Therapy for severe forms of MS
In this engaging ‘controversy’ session, Joachim Burman, Lisbon, Portugal, argued that autologous HSCT (aHSCT) represents the most effective therapy for patients with aggressive MS. He described aHSCT as a one-time treatment that offers the ‘unique advantages’ of achieving functional improvement in ~50% of treated patients. The majority of patients are stabilised with aHSCT and maintain durable no evidence of disease activity (NEDA) for very long periods of time - sometimes for life.

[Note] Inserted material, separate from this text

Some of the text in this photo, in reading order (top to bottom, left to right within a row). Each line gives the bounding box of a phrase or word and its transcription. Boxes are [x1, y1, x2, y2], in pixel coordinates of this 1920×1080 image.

Ludwig Kappos, Basil, Switzerland, countered that aHSCT is not the only option for severe MS and other approved treatments, such has B-cell depleting mAbs, have proved very effective with a more favourable safety and tolerability profile. He conceded that, although evidence from uncontrolled studies and registries supports higher efficacy of aHSCT in suppressing inflammatory disease activity, the advantage over B-cell mAbs is difficult to quantify and questionable in progressive MS.
“As long as further studies do not provide more evidence about the optimal candidate for aHSCT, this procedure should only be offered patients with aggressive MS after a course of B-cell depletion has failed to control the disease.”

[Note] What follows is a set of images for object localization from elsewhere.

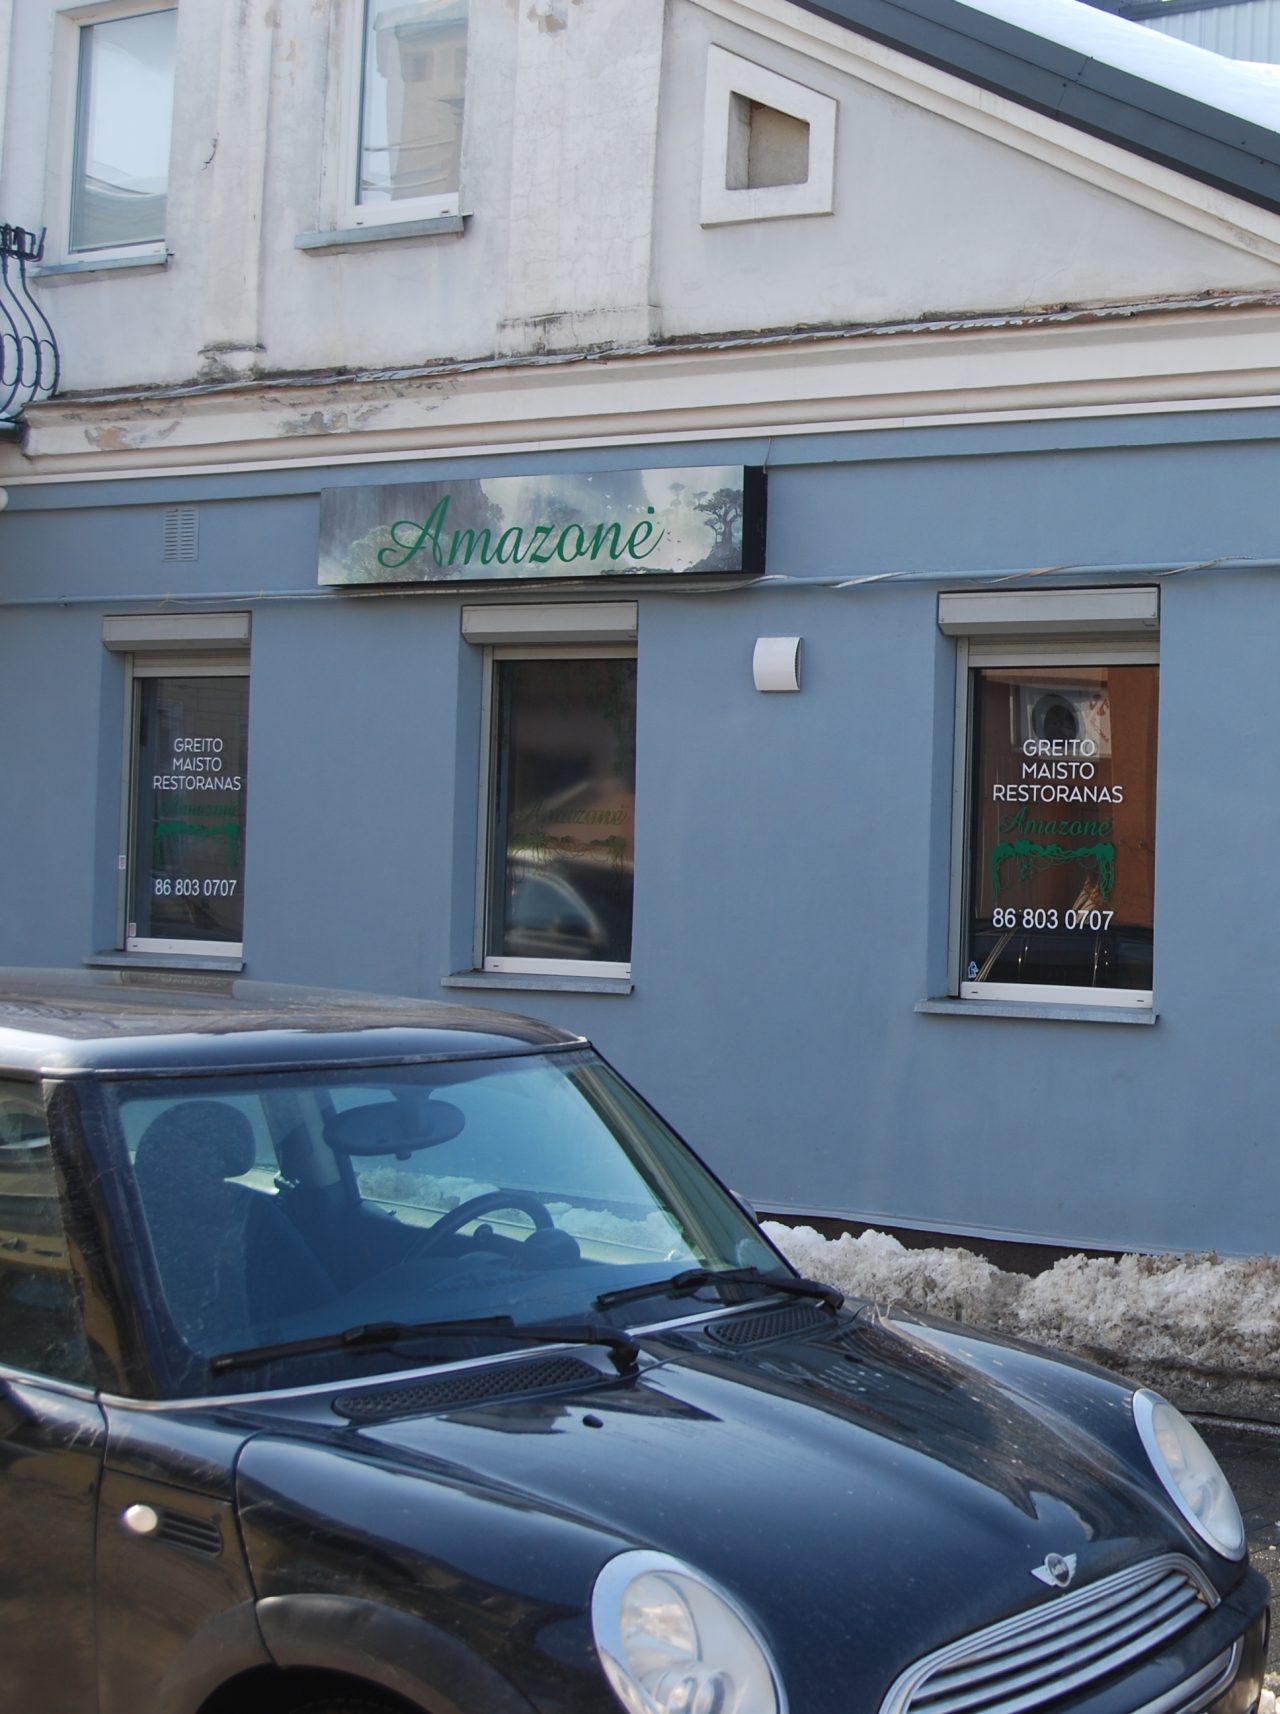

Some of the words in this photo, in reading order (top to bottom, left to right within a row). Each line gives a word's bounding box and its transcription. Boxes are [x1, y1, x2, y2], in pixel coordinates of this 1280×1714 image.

[377, 494, 666, 569] Amazonė
[173, 737, 224, 753] GREITO
[1022, 738, 1096, 757] GREITO
[172, 756, 222, 772] MAISTO
[1022, 761, 1095, 780] MAISTO
[153, 775, 241, 791] RESTORANAS
[993, 784, 1124, 804] RESTORANAS
[155, 878, 172, 896] 86
[175, 878, 200, 896] 803
[203, 879, 237, 897] 0707
[992, 907, 1016, 928] 86
[1022, 908, 1059, 929] 803
[1064, 909, 1114, 931] 0707

Ludwig Kappos, Basil, Switzerland
Congress highlights in MS
Selected congress highlights in MS
In closing, Programme Committee Chair, Tony Marson, Liverpool, UK, explained that plans are already well developed for the 8th Annual EAN congress which will take place in Vienna, Austria under the overarching theme ‘Getting Evidence into Practice’. We very much hope this will be an in-person event, stressed Dr Marson but contingency plans are in place for a hybrid congress or reversion to a virtual congress if required.
“The aim for 2022 is to have a congress that represents the whole of Europe with a pan-European flavour. It will be a celebration that we can finally come together again after this really challenging time with the COVID-19 pandemic.”